Éva Rozália Hölzle is a social anthropologist affiliated with the Centre of Global Cooperation Research at Universität Duisburg-Essen since January 2026. She has been conducting ethnographic research in the borderlands of Bangladesh and Northeast India exploring the nexus of land dispossession and nation state formation, violence and agency, as well as indigenous life politics since 2010. Her first monograph Land, Life, and Emotional Landscapes at the Margins Bangladesh was published by Amsterdam University Press in 2022. In her postdoctoral research project, Cultivating Ethics across Generation, she examines the interplay and transformation of ethics and kinship through the history of an extended family. She is currently co-leading, together with Dr Magdalena Suerbaum, the DFG-funded research network Kinship Generations, which brings together over 40 researchers focusing on questions of relatedness in Africa, Asia, and the Middle East. To prepare for her talk, please read the article titled "Generations" by Sahana Ghosh and Megha Sarma Sehdev (Feminist Anthropology, 2022) https://anthrosource.onlinelibrary.wiley.com/doi/epdf/10.1002/fea2.12095
Abstract: The term generation encompasses a range of meanings in social anthropology. It has been used to analyse the transmission of roles and responsibilities across age groups, intergenerational commitments and practices of care, as well as shared historical experiences. Beyond these uses, generation also evokes the act of bringing something forth: humans are not merely generated by their contexts but actively shape the worlds they inhabit. This active dimension is aptly captured by the concept of social generativity, which foregrounds the ongoing making and remaking of the social world across different temporalities. Feminist scholarship (Bear et al. 2015; Ghosh and Shedev 2022), however, cautions against an exclusivly positive interpretation of social generativity. Instead, contradictions and tensions produced by uneven distributions of power play a central role in tracing the “processes of generation” through which “socialities are made” (Bear et al. 2015).

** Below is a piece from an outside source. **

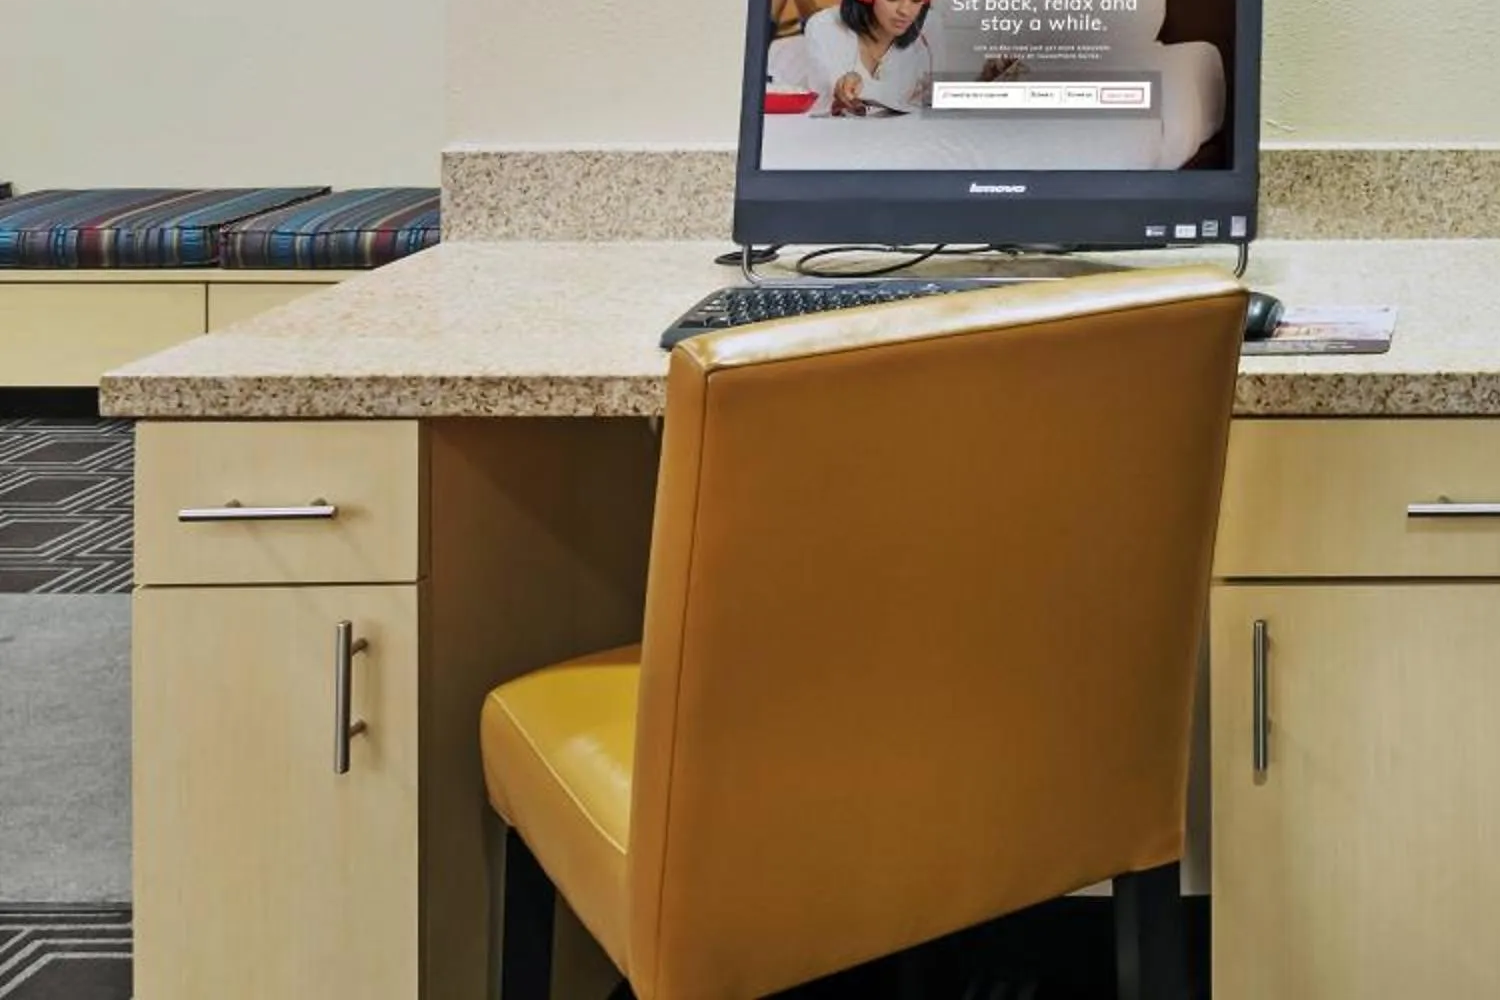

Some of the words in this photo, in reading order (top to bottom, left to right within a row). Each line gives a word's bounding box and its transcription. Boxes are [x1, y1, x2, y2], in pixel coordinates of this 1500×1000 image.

[980, 16, 1022, 34] stay
[1029, 18, 1041, 31] a
[1050, 15, 1108, 32] while.

Building on these insights, I propose generation as a methodological lens rather than a purely descriptive category. I argue that a generational lens enables historically grounded ethnographic approach that illuminates differing perspectives on large-scale social events. Drawing on the findings from my ethnographic project, Cultivating Ethics across Generations, which traces the history of an extended family spanning five generations in the Bangladesh–Northeast India borderlands, my talk focuses on the biographical accounts of three siblings from different generations. This methodological approach (i.e. recording and comparing the biographies of people belonging to different generations within the same family), allows me to explore the shifting significance of political events in everyday life over time. Events that appear pivotal for one generation may recede in importance when viewed through the life histories of another within the same family. By juxtaposing these generational perspectives, it enables the accentuation of events that in a narration of family and regional histories tend to fade or submerge due to the requirement of a cohesive storytelling. Generation thus emerges as a key methodological and analytical instrument, enabling the documentation of personal, familial, and regional histories with ethnographic depth while attending to nuanced, generationally differentiated perspectives on large-scale social transformations as they are lived and experienced.